Submitted by Eli_Meir on Tue, 03/17/2009 - 23:32.

We regularly do research studies on teaching biology to college students. It's an integral part of our mission to develop better teaching tools. When we started doing these studies, we (along with most education researchers) were relatively lax about any regulations involved in conducting such research. We asked (and still do) permission from each student before including them in a study, and assumed if they said 'yes' then everything was OK. After all, these college students are adults who can decide for themselves whether to let us ask them about their biology knowledge.
Later, we started applying for institutional review board ("IRB") approval for our studies from the board at MIT, where we have a lot of collaborations. The IRB hurdle is a federally mandated process meant to protect people from having research conducted on them that could be dangerous to them in some way. It's a noble goal, but a bit irrelevant for most educational research, and that's recognized by an exemption given to many educational studies. The exemption, however, is at the discretion of the review board you apply to. You must fill out forms just to ask for the exemption, so there is inevitably some paperwork involved.
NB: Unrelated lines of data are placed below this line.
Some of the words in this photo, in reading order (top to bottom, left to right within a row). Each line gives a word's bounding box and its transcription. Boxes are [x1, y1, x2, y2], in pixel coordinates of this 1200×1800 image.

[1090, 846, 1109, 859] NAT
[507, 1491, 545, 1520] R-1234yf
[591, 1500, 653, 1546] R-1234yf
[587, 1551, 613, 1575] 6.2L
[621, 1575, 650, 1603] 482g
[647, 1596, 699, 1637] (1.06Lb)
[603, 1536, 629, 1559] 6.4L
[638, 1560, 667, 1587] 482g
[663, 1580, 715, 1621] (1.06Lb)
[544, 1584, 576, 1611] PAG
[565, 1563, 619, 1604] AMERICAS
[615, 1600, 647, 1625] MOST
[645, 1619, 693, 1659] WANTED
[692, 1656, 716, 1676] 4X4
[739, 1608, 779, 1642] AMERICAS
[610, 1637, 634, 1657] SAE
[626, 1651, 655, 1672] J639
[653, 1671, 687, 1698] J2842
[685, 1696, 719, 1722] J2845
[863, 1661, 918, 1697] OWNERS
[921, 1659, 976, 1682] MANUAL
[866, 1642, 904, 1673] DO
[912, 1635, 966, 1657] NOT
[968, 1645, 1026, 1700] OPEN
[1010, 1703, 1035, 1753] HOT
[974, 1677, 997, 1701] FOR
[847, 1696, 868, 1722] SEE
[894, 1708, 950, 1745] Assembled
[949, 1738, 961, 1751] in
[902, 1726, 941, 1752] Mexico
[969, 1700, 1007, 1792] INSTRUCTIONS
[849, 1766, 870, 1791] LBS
When we had to do this paperwork once, at a single school (MIT in our case) to cover our study, it was an annoyance, but not a major roadblock. In our latest rounds of studies, though, the regulatory hurdles have gone way up. We like to do each of our studies with many students from an array of schools. That gives us statistically meaningful results that apply to a diverse student body. Recently, instead of a single approval from one review board, we have been asked to add approvals from every single school where we recruit a class for a study. So for instance, if we ask professor X at school A to use a new lab we've written and collect pre- and post-tests for us, we first have to go to the IRB at school A, submit a bunch of paperwork, have the professor get trained, get lots of signatures, and then hope all of that goes smoothly so we can do our study. It can take 5-15 hours per school just to fill out the paperwork on our end, not to mention the professor's time and any back and forth with the review board. Needless to say, this is a huge time sink and expense, and also turns off a lot of professors that would otherwise be eager to help us.
A
recent commentary in Nature discusses the same problem in medical research, where there are also apparently many studies that have minimal risks for patients yet get stuck on human subjects regulations. They claim that "at least half of institutional review board costs are devoted to evaluating minimal-risk research". So I guess this is a general problem, but in our college biology education subfield, it especially rankles me for another reason. I can see the need for some outsider to review study design just to make sure that there are no hidden aspects that could harm the subjects. But once there is a single review, I feel it is not only wasteful, but also disrespectful to students as adult decision makers to require additional reviews. It's hard to see how studying whether a student is learning some topic in biology adds any substantial risk to that students' life. And these students are adults. They can make their own decisions about participating in a study. Yet the process as it is set up now turns each university into a nanny for its students, who are not allowed to say for themselves whether they are willing to participate, but must first get approval from some bureaucracy. In the land of the free, there's something wrong with that.